* _EXERCISE REQUIREMENTS_: Repeat the listing that follows character for character, omitting images.

* _MATERIAL FOR THE TASK_:
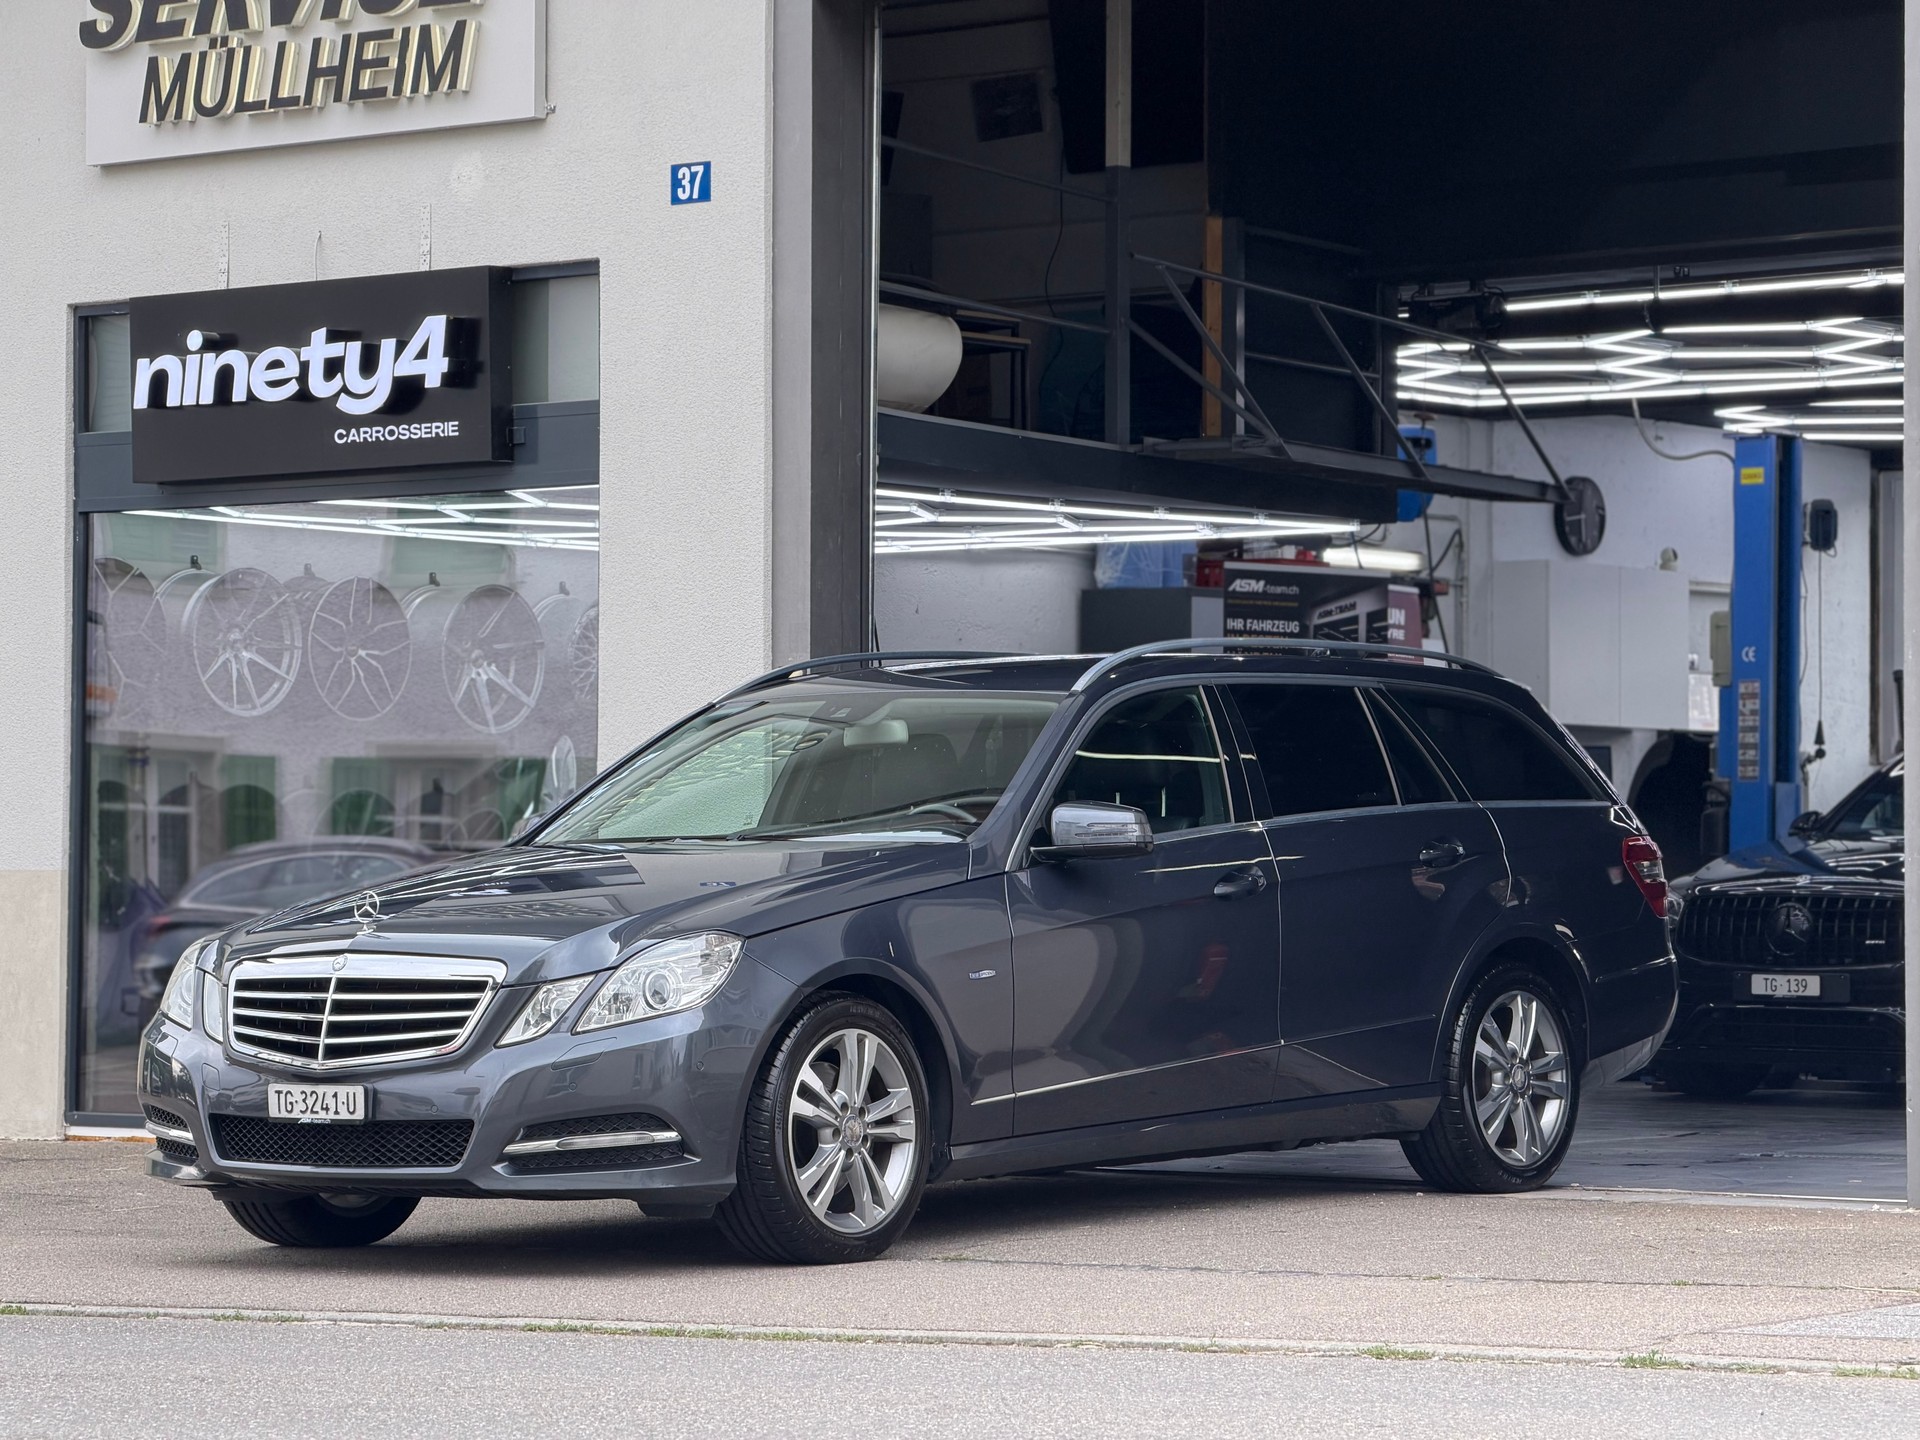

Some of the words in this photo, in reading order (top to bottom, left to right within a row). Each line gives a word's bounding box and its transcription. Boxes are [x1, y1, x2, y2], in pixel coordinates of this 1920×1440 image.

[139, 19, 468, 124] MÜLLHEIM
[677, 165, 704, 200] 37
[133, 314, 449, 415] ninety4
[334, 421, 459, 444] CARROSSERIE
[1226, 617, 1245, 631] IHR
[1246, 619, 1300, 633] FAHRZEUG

* _RESULT FOR THIS EXERCISE_:
Some of the words in this photo, in reading order (top to bottom, left to right within a row). Each line gives a word's bounding box and its transcription. Boxes are [x1, y1, x2, y2], in pixel coordinates of this 1920×1440 image.

[139, 19, 468, 124] MÜLLHEIM
[677, 165, 704, 200] 37
[133, 314, 449, 415] ninety4
[334, 421, 459, 444] CARROSSERIE
[1226, 617, 1245, 631] IHR
[1246, 619, 1300, 633] FAHRZEUG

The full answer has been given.